Elsewhere, the study explains that the surrogate luciferase RNA approximates the biodistribution of the actual mRNA antigen encoder, BNT162b2. Luciferase is used as a substitute so that the LNP is bioluminescent and can be detected on scans.
“The biodistribution of the antigen encoded by the RNA component of BNT162b2 is expected to be dependent on the LNP distribution and the results presented should be representative for the vaccine RNA platform, as the LNP-formulated luciferase-encoding modRNA had the same lipid composition,” the authors wrote.
Pfizer Researchers Say mRNA Vaccine Cause No Animal Deaths, No Adverse Events
The study goes on to describe a dosing regimen that exposes the rats to the actual mRNA-based COVID vaccine.

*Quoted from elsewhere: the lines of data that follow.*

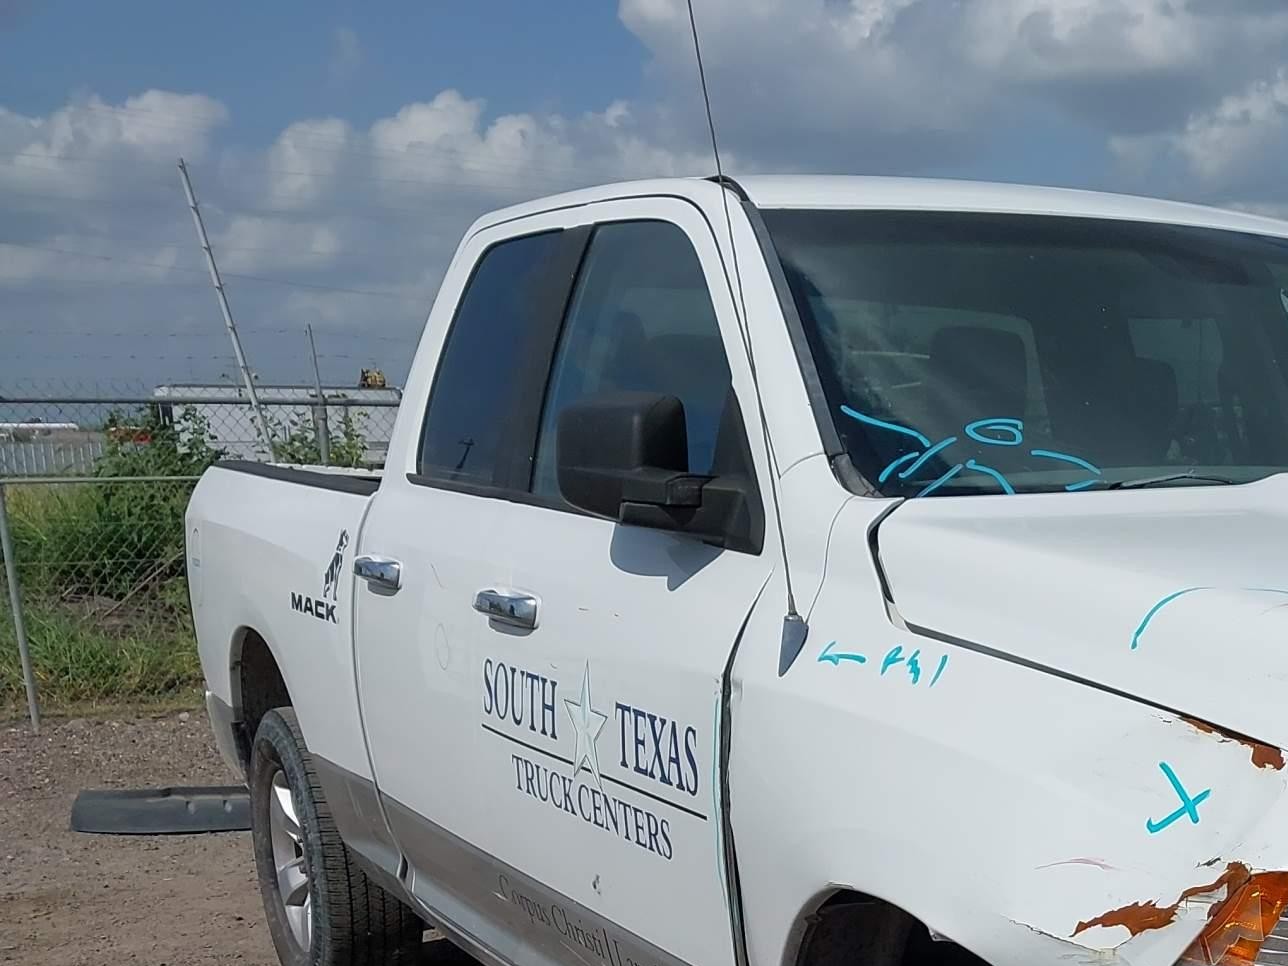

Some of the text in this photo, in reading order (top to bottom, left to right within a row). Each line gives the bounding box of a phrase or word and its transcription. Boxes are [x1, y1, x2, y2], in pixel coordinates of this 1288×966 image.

[290, 591, 338, 624] MACK
[483, 658, 699, 797] SOUTH TEXAS
[511, 753, 673, 860] TRUCK CENTERS
[496, 874, 551, 927] Corpus
[551, 903, 606, 960] Christi

“In conclusion, administration of BNT162b2 (V9) at 30 μg RNA/dosing day via IM injections weekly for 3 administrations to male and female Wistar Han rats was tolerated without evidence of systemic toxicity,” the authors wrote. “Dosing of BNT162b2 (V9) produced changes consistent with an inflammatory response and immune activation. The findings in this study are consistent with those typically associated with the IM administration of LNP-encapsulated mRNA vaccines.”
The authors said that determinations of genotoxicity and carcinogenicity were beyond the scope of the study. They also claimed that, overall, there was no detectable toxicity caused by the vaccine, including no impact on fertility and no recorded deaths.

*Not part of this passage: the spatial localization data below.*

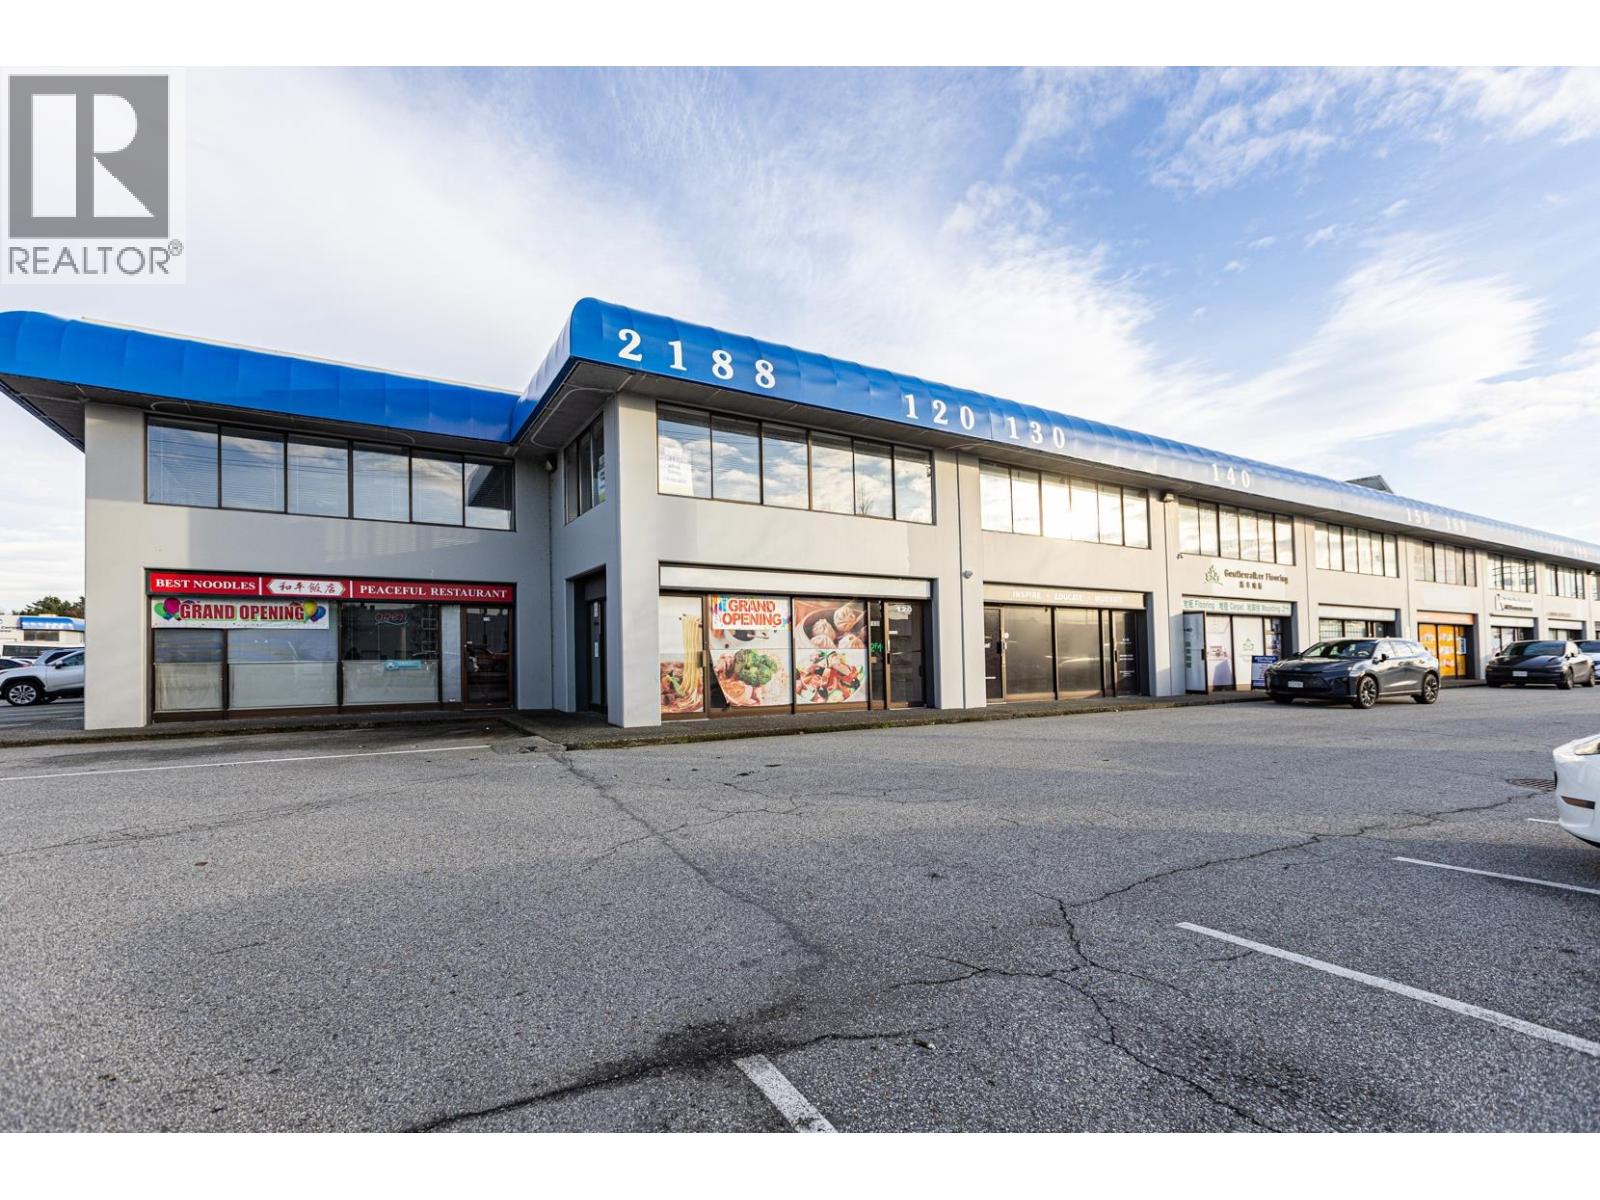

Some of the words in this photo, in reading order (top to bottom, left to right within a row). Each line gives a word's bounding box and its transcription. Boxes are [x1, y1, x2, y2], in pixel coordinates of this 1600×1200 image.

[617, 328, 777, 390] 2188
[904, 394, 976, 431] 120
[1006, 416, 1066, 450] 130
[1211, 463, 1251, 488] 140
[155, 578, 190, 589] BEST
[193, 579, 256, 591] NOODLES
[360, 584, 427, 596] PEACEFUL
[430, 587, 507, 599] RESTAURANT
[179, 603, 236, 620] GRAND
[239, 604, 305, 621] OPENING
[728, 599, 776, 613] GRAND
[722, 613, 782, 627] OPENING

Regarding concentrations of mRNA in the liver, the authors wrote: “The liver finding was reversible, not associated with changes in markers of hepatocyte injury and not considered adverse.”
Early Biodistribution Studies Show mRNA Accumulates in Sensitive Organs
Earlier revelations of documents associated with Pfizer-submitted data to Japan revealed mRNA biodistribution in laboratory animals included substantial quantities in subjects’ ovaries, testicles, and other organs.